HHS Issues Final Rule on 2014 Edition Release Electronic Health Record Certification Criteria and Program

On September 11, the ONC issued the 2014 Edition Release 2 EHR Certification Criteria final rule adopting ten optional certification criteria and two revised criteria that provide increased flexibility and clarity and enhance health information exchange. The final rule also made a few improvements to the ONC Health IT (HIT) Certification Program and removed outdated regulation text from the Code of Federal Regulations. The ONC Fact Sheet on the rule summarizes the new criteria and improvements.

Medical Community United in Opposition to Elimination of CME Exemption under Physician Sunshine Act

CMS has received thousands of letters from physicians and others urging it not to eliminate the reporting exemption for CME under the Physician Sunshine Act. That exemption allows manufacturers to avoid reporting funds that support CME programs if the programs are accredited by one of five named accrediting organizations. CME proposed to eliminate the exemption because of complaints that it unfairly excluded funding for CME programs that were accredited by entities other than the five accrediting organizations named in the regulation. CMS takes the position that the exemption is not needed because another exemption for “indirect” payments is sufficient for programs that do not allow industry sponsors to influence the choice of speakers or content. The CME Coalition, whose members include many physician and industry organizations, have recommended that instead of axing the exemption, CMS expand it to include CME accredited by any organization that meets certain recommended criteria. The CME Coalition asserts that if CMS does not reverse its position, CME providers would lose close to $200,000,000 in CME funding over three years – approximately 10.6 percent of their sponsorship funds.

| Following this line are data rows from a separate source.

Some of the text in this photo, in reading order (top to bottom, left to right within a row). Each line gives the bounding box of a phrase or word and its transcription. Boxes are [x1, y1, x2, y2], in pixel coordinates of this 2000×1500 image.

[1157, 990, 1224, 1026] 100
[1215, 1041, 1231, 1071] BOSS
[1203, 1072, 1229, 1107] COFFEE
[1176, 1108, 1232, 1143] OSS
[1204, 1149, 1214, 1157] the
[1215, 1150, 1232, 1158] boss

MedPAC Questions CMS Efforts to Measure Quality at Individual Doctor Level

MedPAC, Congress’ adviser on the Medicare program, is questioning CMS efforts to measure quality at the individual physician level due to the complexity of the PQRS and Value-Based Modifier programs. In an August 28th, 2014 letter to CMS, MedPAC stated that if clinicians do not know how to improve their value-based modifier score, they will be unlikely to devote resources to improving quality and increasing efficiency. MedPAC also noted that some specialties lack clinically meaningful measures and stated that a better approach to improving quality of individual physicians is to encourage them to join groups such as ACOs or Medicare Advantage plans that are financially and clinically accountable for patients.

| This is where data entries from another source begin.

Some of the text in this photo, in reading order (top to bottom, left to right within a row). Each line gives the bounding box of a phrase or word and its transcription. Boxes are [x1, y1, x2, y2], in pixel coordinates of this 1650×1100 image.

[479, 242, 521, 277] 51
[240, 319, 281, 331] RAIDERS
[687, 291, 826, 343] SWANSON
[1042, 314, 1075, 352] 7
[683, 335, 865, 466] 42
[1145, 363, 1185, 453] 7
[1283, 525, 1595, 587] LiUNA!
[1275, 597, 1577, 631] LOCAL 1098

New ACO Data Shows Mixed Results

Performance results for ACOs in the Medicare Shared Savings Program were recently released by CMS and show mixed results. About one fourth of the 220 participating ACOs earned bonuses; another fourth saved money for the Medicare program but not by enough to share in savings. The remaining ACOs did not generate any savings for the program. Savings distributed to those ACOs earning bonuses totaled $445 million; savings retained by the Medicare program were $372 million. However, the ACO industry states that ACO participation will decline unless CMS changes the rules and does not require ACOs to be subject to downside risk during the second year of the contract. It also urges an increase in the shared savings percentage and criticizes CMS for the way it attributes beneficiaries to ACOs.

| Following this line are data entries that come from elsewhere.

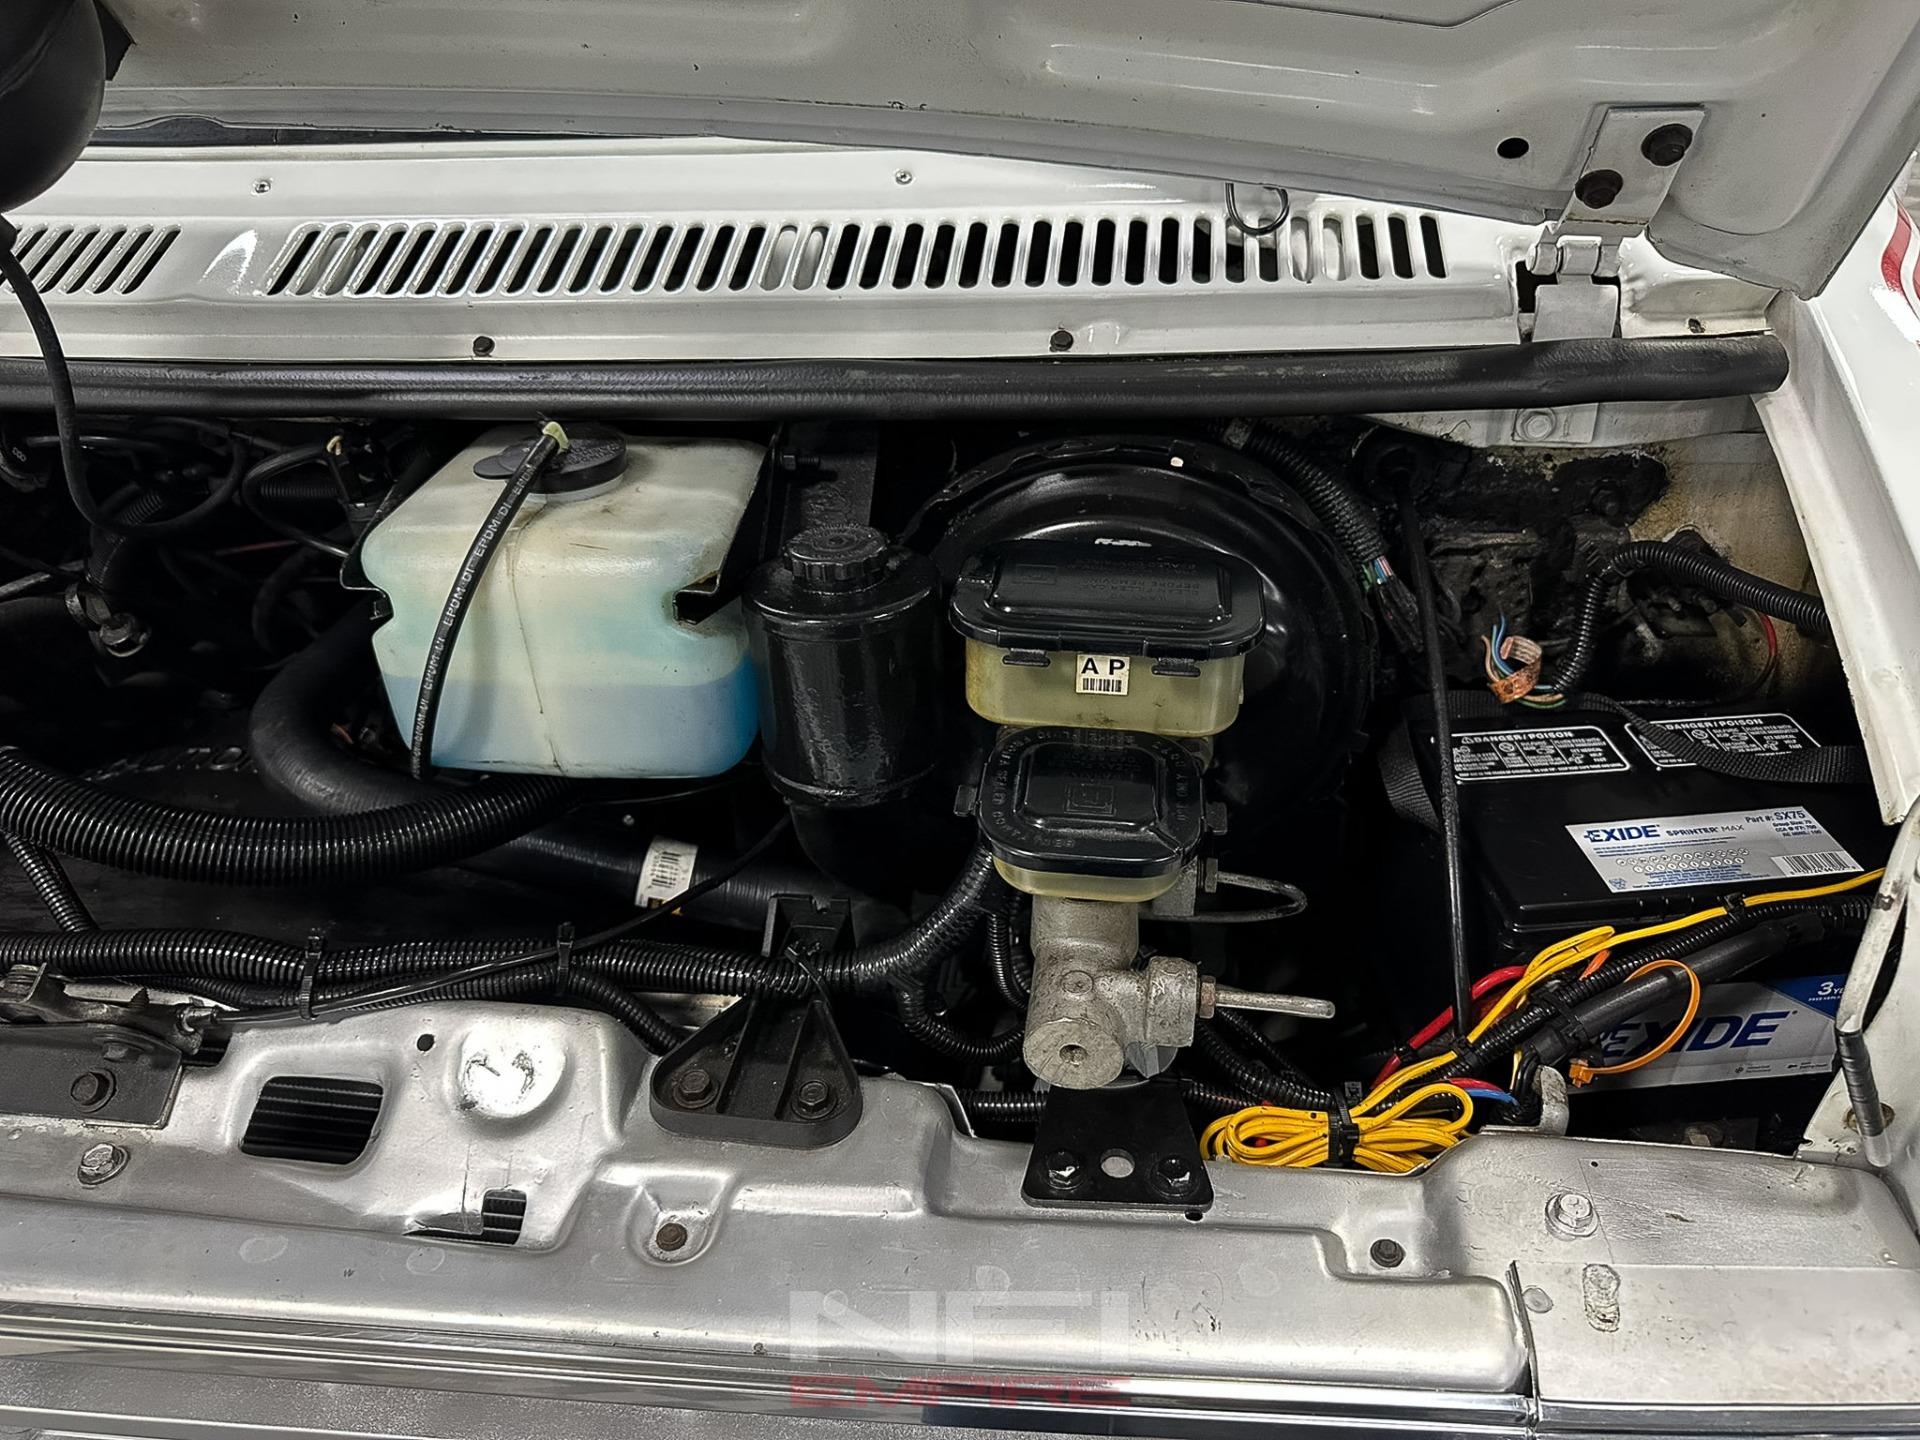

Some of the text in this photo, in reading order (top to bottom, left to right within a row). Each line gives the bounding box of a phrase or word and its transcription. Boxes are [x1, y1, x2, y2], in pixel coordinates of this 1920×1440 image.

[1081, 658, 1125, 675] A P
[1774, 811, 1806, 820] SX75
[1584, 824, 1660, 842] EXIDE
[1666, 826, 1716, 836] SPRINTER
[1818, 981, 1834, 996] 3
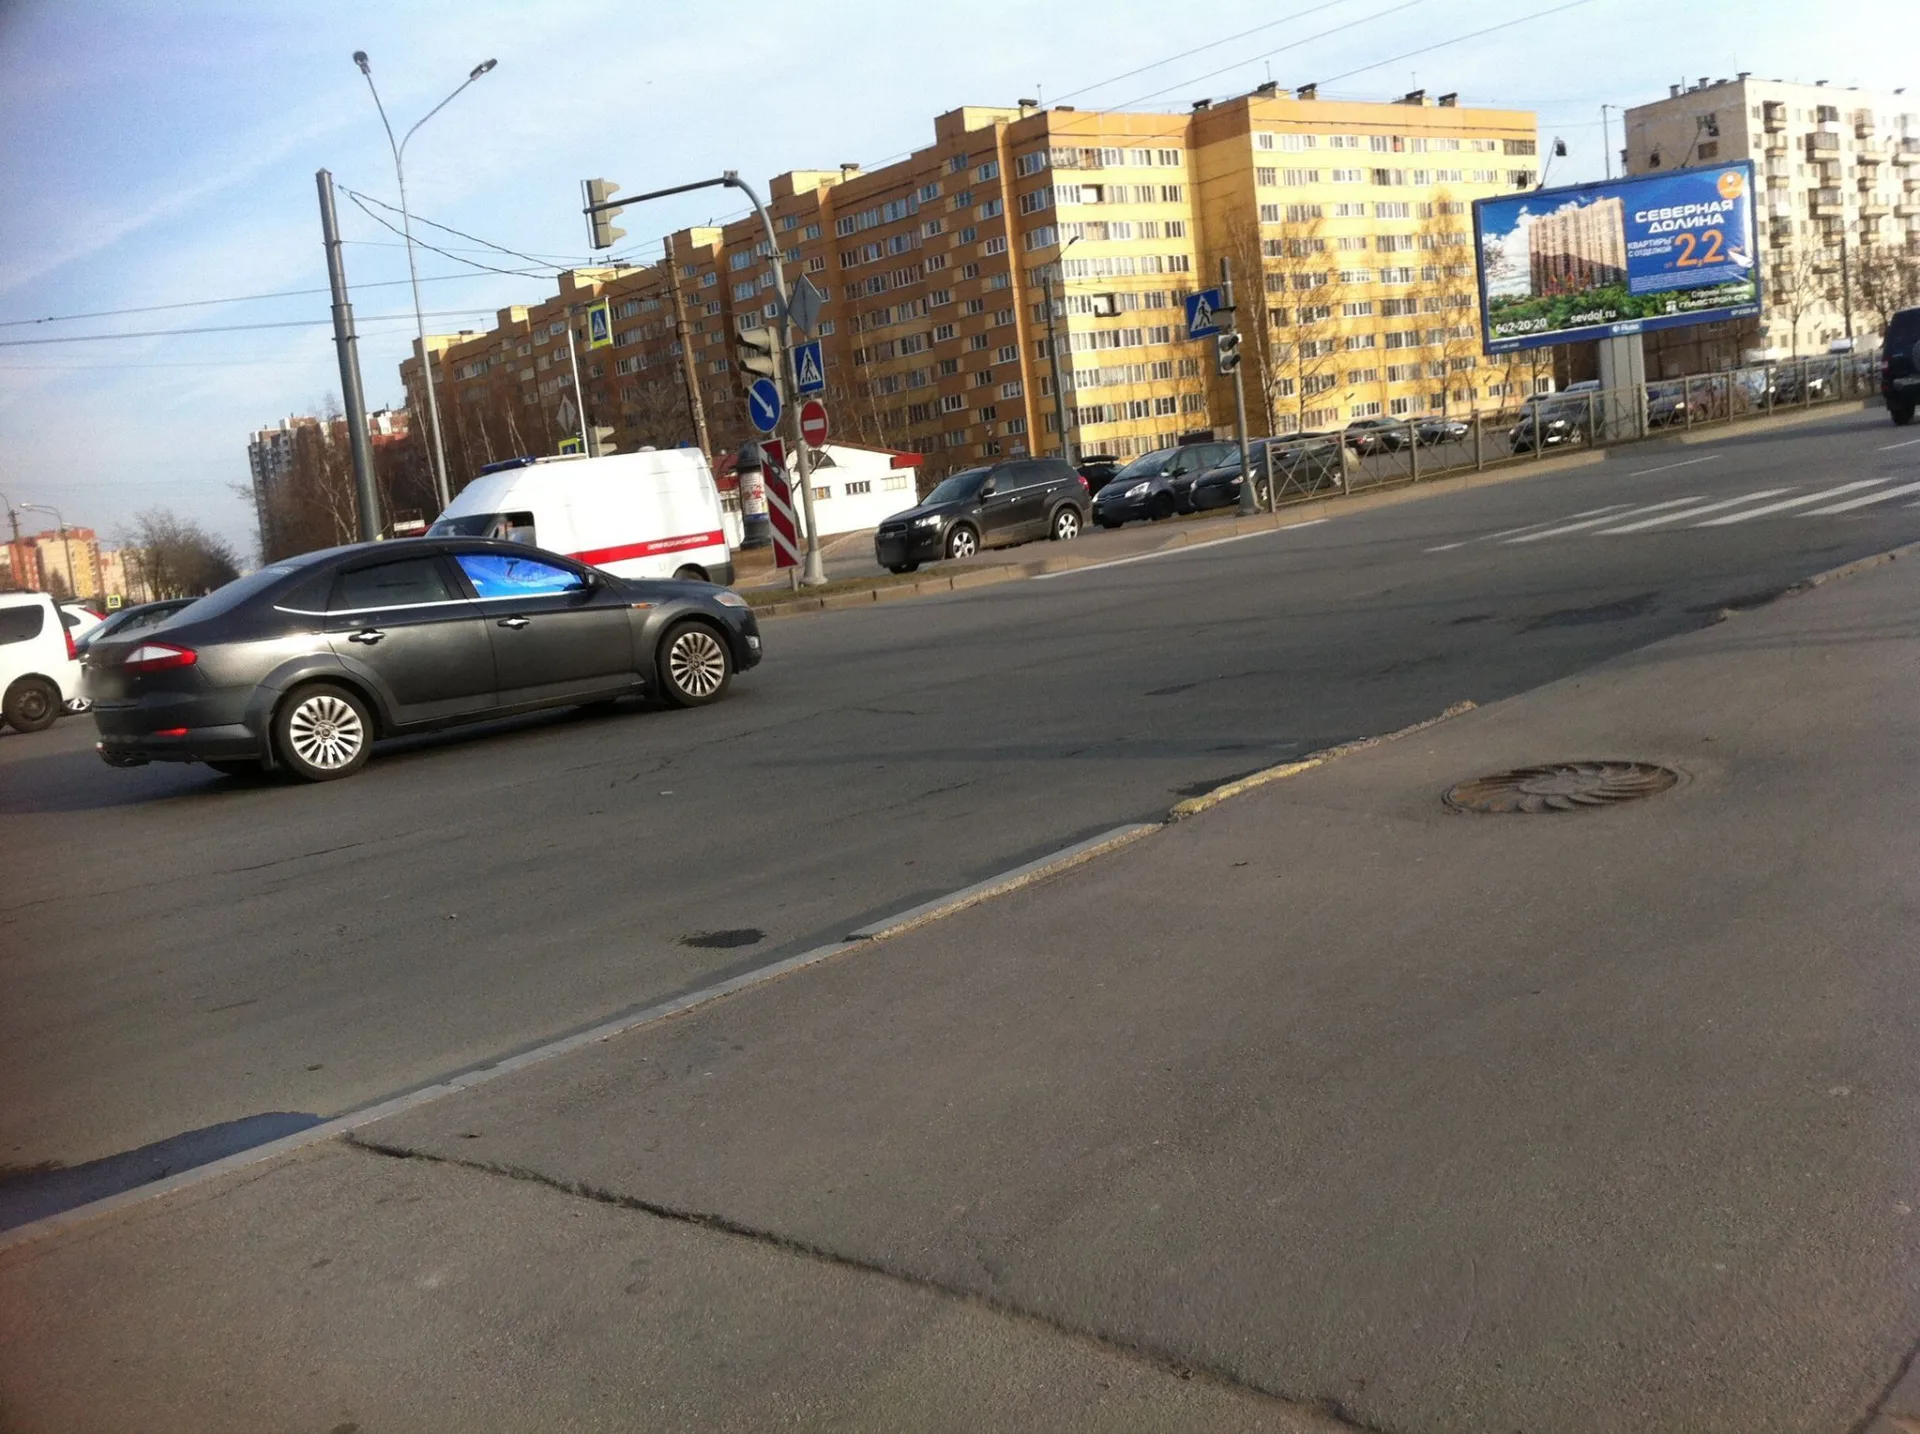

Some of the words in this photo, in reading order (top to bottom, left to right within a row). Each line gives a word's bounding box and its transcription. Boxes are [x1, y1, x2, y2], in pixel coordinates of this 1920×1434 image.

[1635, 199, 1734, 223] СЕВЕРНАЯ
[1648, 212, 1725, 234] ДОЛИНА
[1495, 317, 1547, 334] 602-20-20
[1570, 309, 1617, 324] sevdol.ru

U.S. Court of Appeals for the District of Columbia Circuit to rehear ACA case AMITA

The full D.C. Circuit Court of Appeals has agreed to re-hear the case of Halbig v. Burwell. In July, a three-judge panel from the D.C. Circuit Court ruled that individuals in the 36 states that sign up for insurance through the federal health insurance exchange as part of the Affordable Care Act are ineligible for subsidized insurance. On the same day of this ruling, a Virginia federal appeals panel unanimously ruled the opposite way on the identical issue. The full D.C. Circuit Court of Appeals comprises of 13 judges. Eight of the 13 are Democratic appointees. The outcome of the case could affect more than half of the 8 million Americans who have purchased taxpayer-subsidized private insurance under the Affordable Care Act.